White Spot Disease, also known as Ich or Ick, is a very common problem in aquariums and several different methods of treating it has been developed. In this article, we will take a close look at salt and malachite green. If salt or malachite green is the best available treatment for your particular aquarium depends on several different factors, including which species you keep and how sensitive they are to salt. Salt as well as malachite treatment is often combined with an increased water temperature and added aeration.

Malachite green treatment

Malachite green must be accurately dosed since it is a powerful chemical that will kill you fish if you overdo it. Some species are less tolerant to malachite green than others and it is therefore a good idea to research your species to find out how much malachite green they can handle. Many manufacturers recommend one drop of their product for each gallon of water in the aquarium to treat White Spot Disease, but a lot of producers sell really concentrated malachite green where one drop/gallon will not be safe to use on sensitive fish species.
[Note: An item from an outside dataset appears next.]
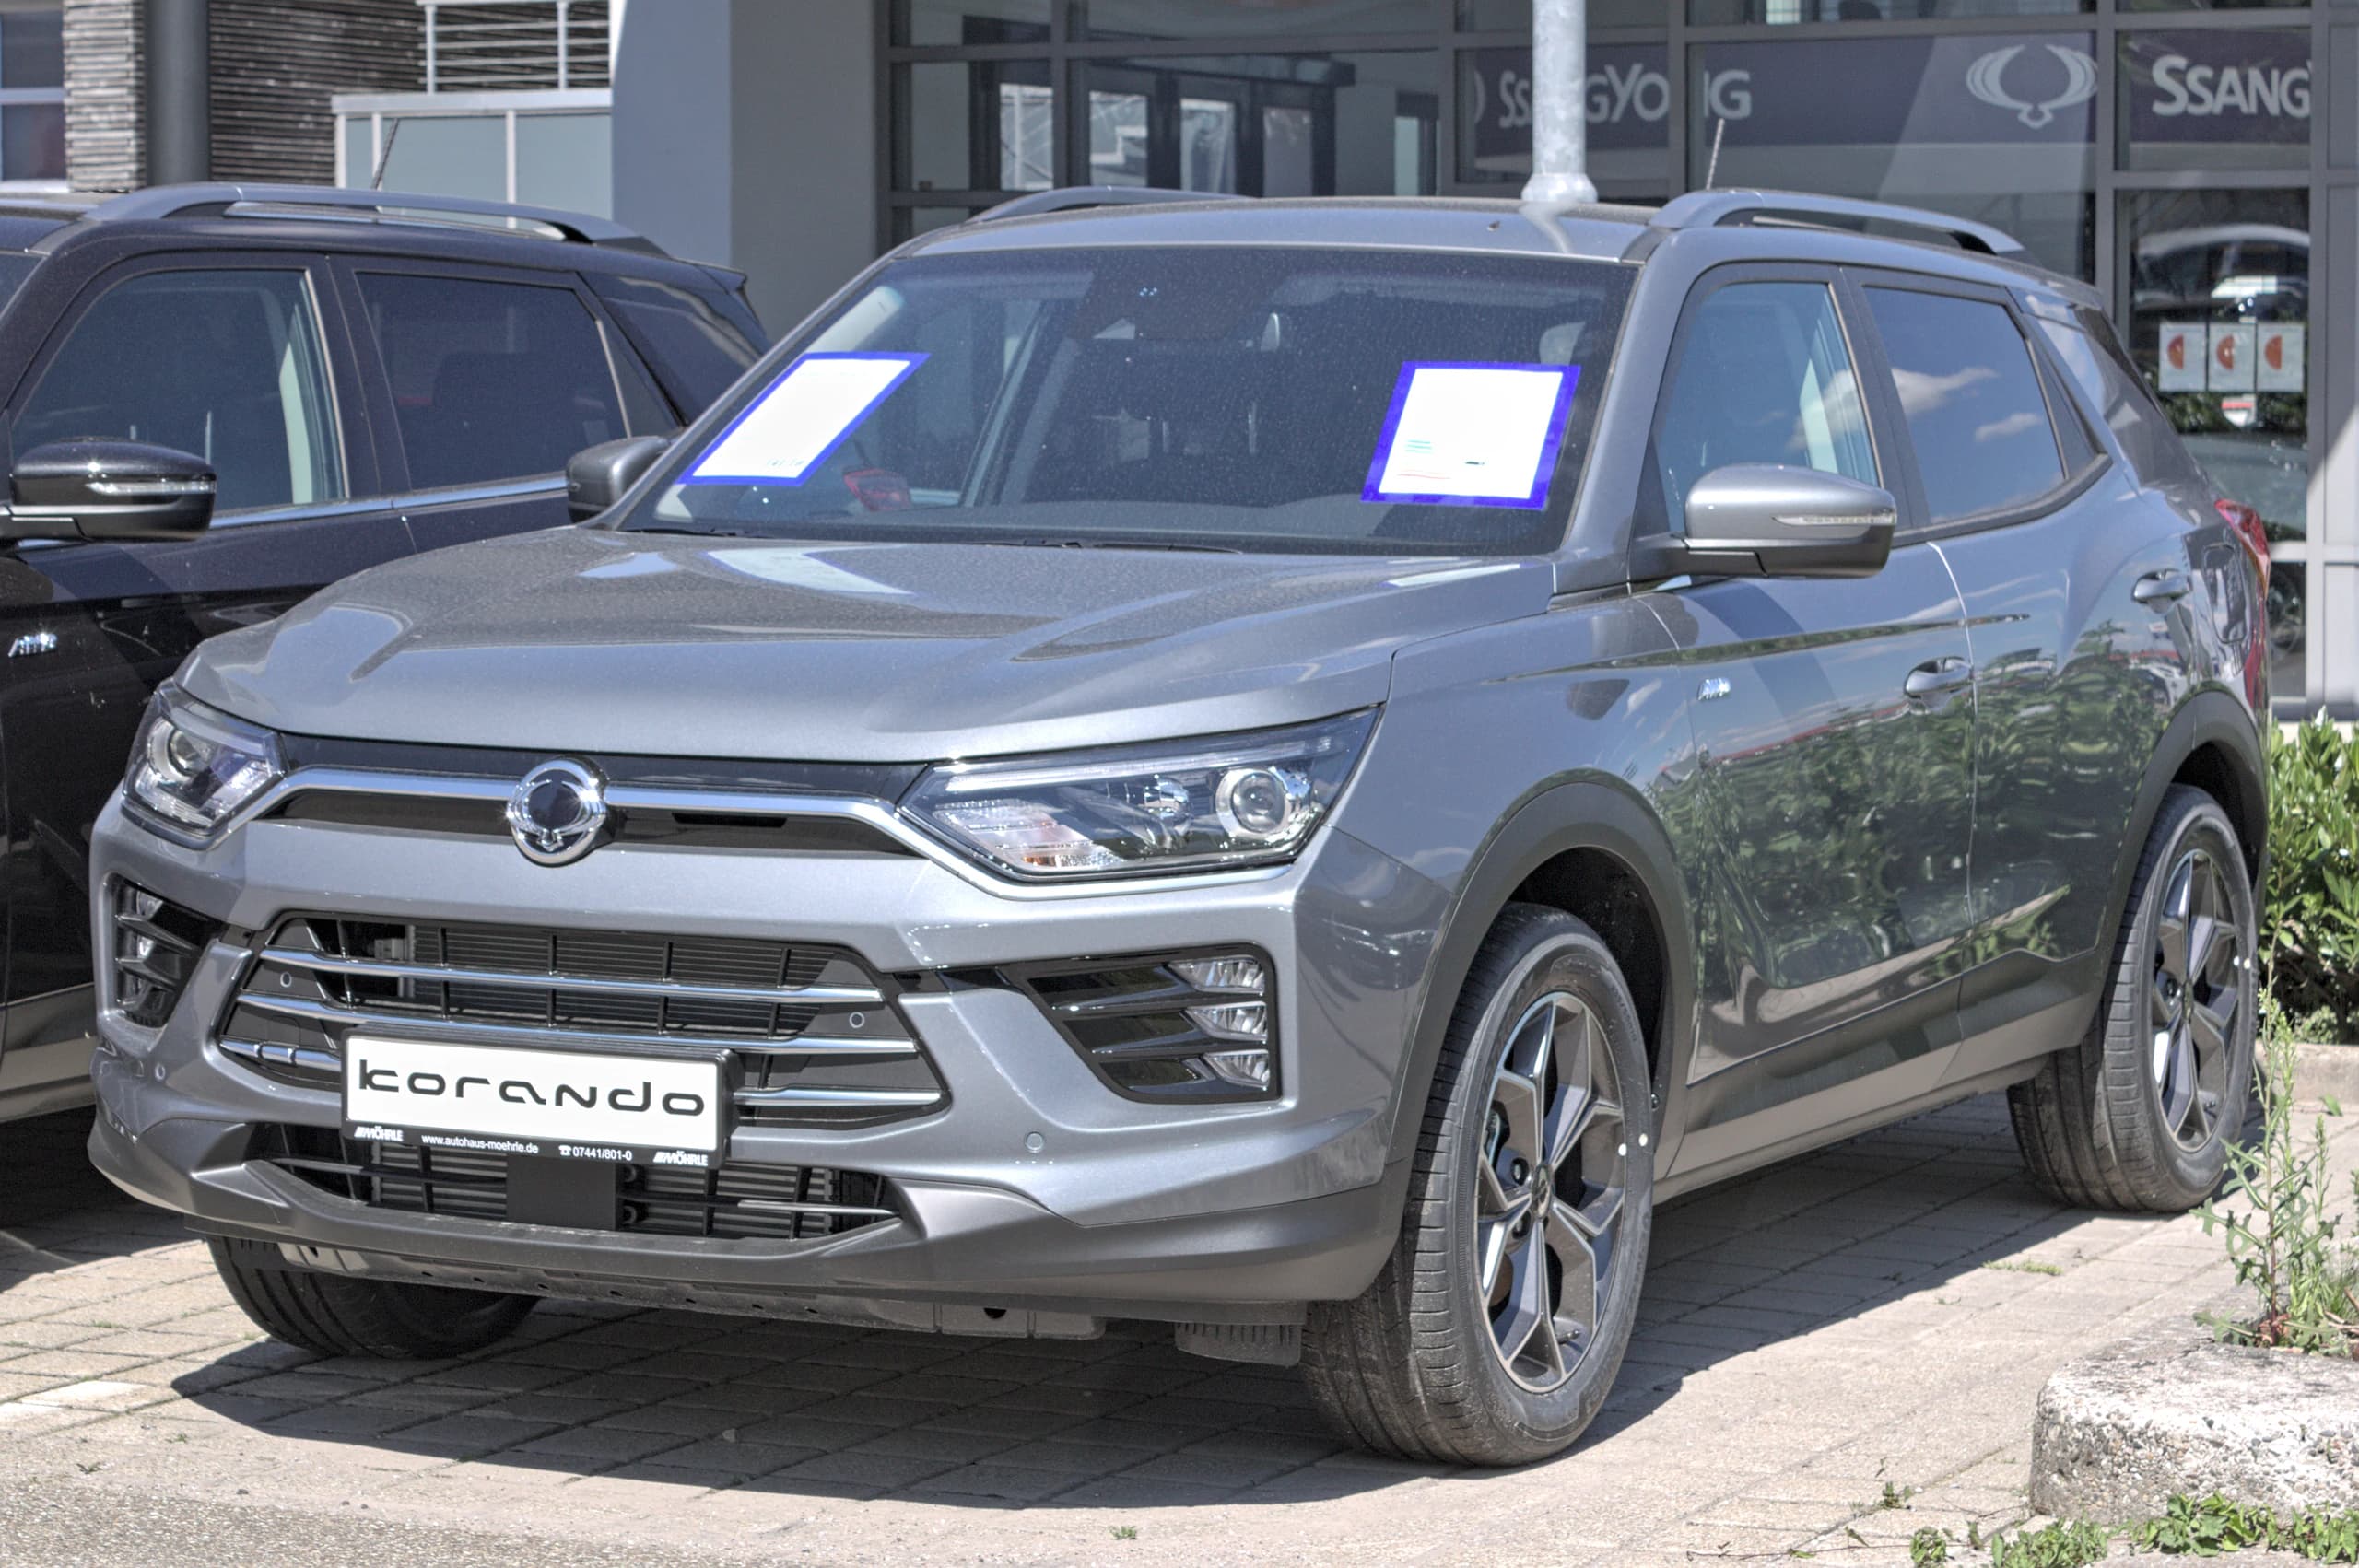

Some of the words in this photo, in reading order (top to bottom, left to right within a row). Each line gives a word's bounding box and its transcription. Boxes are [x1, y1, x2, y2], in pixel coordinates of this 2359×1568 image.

[358, 1059, 705, 1117] korando
[421, 1135, 539, 1153] www.autohaus-moehrle.de
[572, 1146, 632, 1161] 07441/801-0
A dose of 0.05 milligrams malachite green per liter water is generally considered safe when used for three successive treatments (one every other day) but calculating it can be a bit tricky since different bottles contain different concentrations of malachite green. Look for the concentration listed on the bottle of the medication. It will normally be in percent, so you need to convert it into milligrams per milliliter. 1 percent equals 1 gram per 100 milliliters of water. A 0.5% malachite green solution will for instance contain 5 mg/milliliter. The recommended dose written on the bottle is often 1 drop per gallon (in the U.S.), and since 1 milliliter is about 15 drops, such a dose will create a concentration much higher than 0.05 milligrams per liter. This is why many aquarists have such bad experiences from malachite green; if you follow the dose recommended by the manufacturer you will often overdose and harm sensitive species. If you purchase a 0,75% malachite green solution, add no more than 4 drops per 10 gallons of water.  

Marine salt treatment

The Ich parasite does no like salt and using aquarium or marine salt is therefore a good way of getting rid of it, provided of course that you keep fish species that can tolerate the increased salinity. The high salinity should be maintained for two weeks to be sure that all parasites are really gone. Bringing the salinity up to 5 ppt (parts per thousand) will kill nearly always kill the parasites, but may be too strong for salt intolerant fish. If you keep catfish or equally sensitive species, bring the salinity no higher than 2 ppt and hope for the best. 

Temperature and aeration

The use of malachite green or salt is often combined with an increased water temperature when combating White Spot Disease, sine this speeds up the life cycle of the parasite. If you decide to boost up the temperature you should ideally also provide additional aeration since cool water holds oxygen better than warmer water. The increased water temperature will simultaneously increase the metabolism of your fish, which in turn increases their need for oxygen. Since Ich parasites frequently attached themselves to the gills of fish and destroys them, it is easy to understand that an increased water temperature can be very difficult for the diseased fish to handle. Adding additional aeration and keeping the oxygen levels really high will aid them in their struggle.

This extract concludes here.